使用上面这种方式(先求得最佳个数,才根据最佳个数训练模型)显得有些啰嗦,可以在GradientBoostingRegressor类中指定超参数warm_start=True,就可以实现early stopping,在最佳位置停止 训练并保存模型:
gbrt = GradientBoostingRegressor(max_depth=2, warm_start=True, random_state=42)
min_val_error = float("inf")
error_going_up = 0
for n_estimators in range(1,120):
gbrt.n_estimators = n_estimators
gbrt.fit(X_train, y_train)
y_pred = gbrt.predict(X_val)
val_error = mean_squared_error(y_val, y_pred)
if val_error < min_val_error:
min_val_error = val_error
error_going_up = 0
else:
error_going_up += 1
if error_going_up == 5:
break
print(gbrt.n_estimators)
输出:
61
print("Minimum validation MSE:", min_val_error)
输出:
Minimum validation MSE: 0.002712853325235463
GradientBoostingRegressor类也支持subsample超参数,表示每个树训练使用数据集中数据的比例,例如subsample=0.25表示每棵树从训练集中随机选取25%的数据进行训练,这样做的好处之一是加快了训练速度。

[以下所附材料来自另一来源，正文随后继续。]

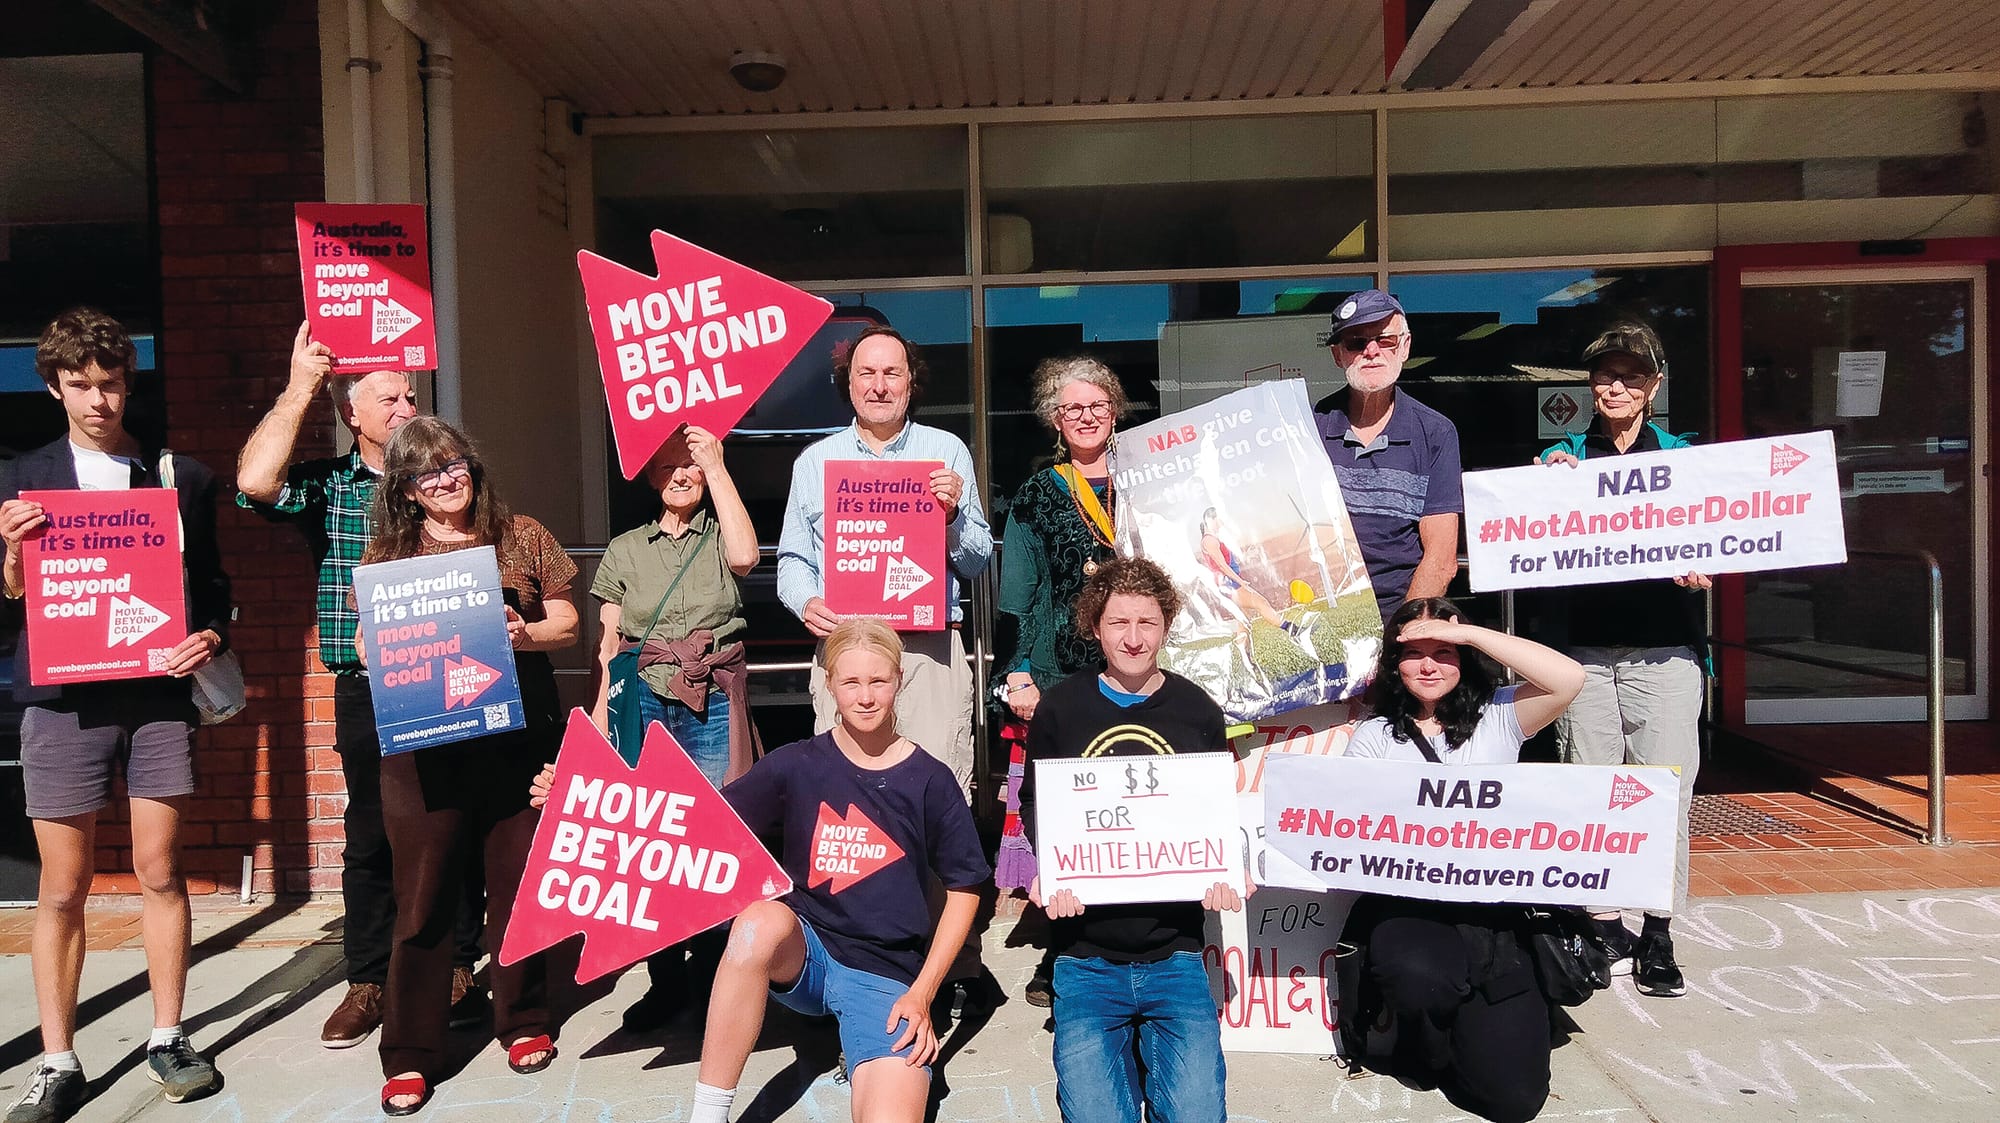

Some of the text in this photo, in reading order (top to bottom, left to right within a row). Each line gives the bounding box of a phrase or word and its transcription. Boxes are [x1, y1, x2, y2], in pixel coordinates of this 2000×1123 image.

Gradient Boosting也可以通过loss超参数指定训练时使用的损失函数。
5.3 XGBoost
XGBoost库:由Tianqi Chen开发,特点是快、可扩展和易用性。
import xgboost
xgb_reg = xgboost.XGBRegressor(random_state=42)
xgb_reg.fit(X_train, y_train)
y_pred = xgb_reg.predict(X_val)
val_error = mean_squared_error(y_val, y_pred)

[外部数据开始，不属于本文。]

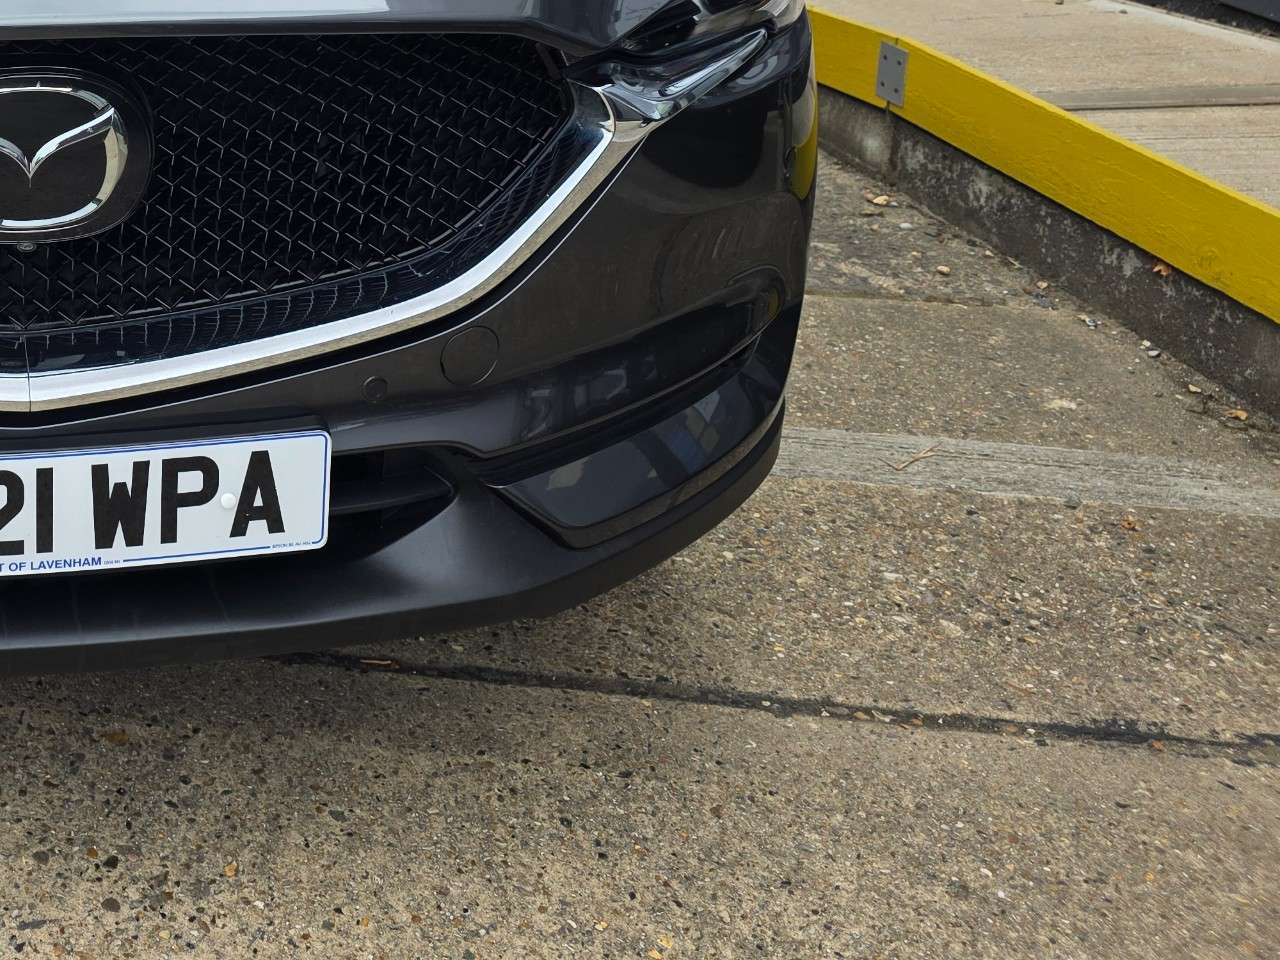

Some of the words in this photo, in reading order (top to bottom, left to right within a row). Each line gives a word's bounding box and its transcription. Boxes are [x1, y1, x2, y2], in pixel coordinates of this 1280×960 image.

[91, 450, 286, 550] WPA
[8, 561, 27, 572] OF
[30, 556, 102, 571] LAVENHAM

print("Validataion MSE:",val_error)
输出:
Validataion MSE: 0.00400040950714611
xgb_reg.fit(X_train, y_train,eval_set=[(X_val, y_val)],early_stopping_rounds=2)
y_pred = xgb_reg.predict(X_val)
val_error = mean_squared_error(y_val, y_pred)
print("Validataion MSE:",val_error)
输出:
[0] validation_0-rmse:0.22834
Will train until validation_0-rmse hasn't improved in 2 rounds.
[1] validation_0-rmse:0.16224
[2] validation_0-rmse:0.11843
[3] validation_0-rmse:0.08760
[4] validation_0-rmse:0.06848
[5] validation_0-rmse:0.05709
[6] validation_0-rmse:0.05297
[7] validation_0-rmse:0.05129
[8] validation_0-rmse:0.05155
[9] validation_0-rmse:0.05211
Stopping. Best iteration:
[7] validation_0-rmse:0.05129
Validataion MSE: 0.0026308690413069744
%timeit xgboost.XGBRegressor().fit(X_train, y_train)
输出:
10.8 ms ± 1.15 ms per loop (mean ± std. dev. of 7 runs, 100 loops each)
%timeit GradientBoostingRegressor().fit(X_train, y_train)
输出:
11.7 ms ± 118 µs per loop (mean ± std. dev. of 7 runs, 100 loops each)
如上输出显示,xgboost的运行速度稍快于Gradient Boosting。
6. Stacking
Stacking:stacked generalization。Stacking主要思想是根据多个子模型的结果训练模型并输出最终结果,而不是简单地将多个子模型结果进行平均或取众数的操作。
sklearn中没有Stacking相关的工具,可以使用开源工具brew等实现Stacking。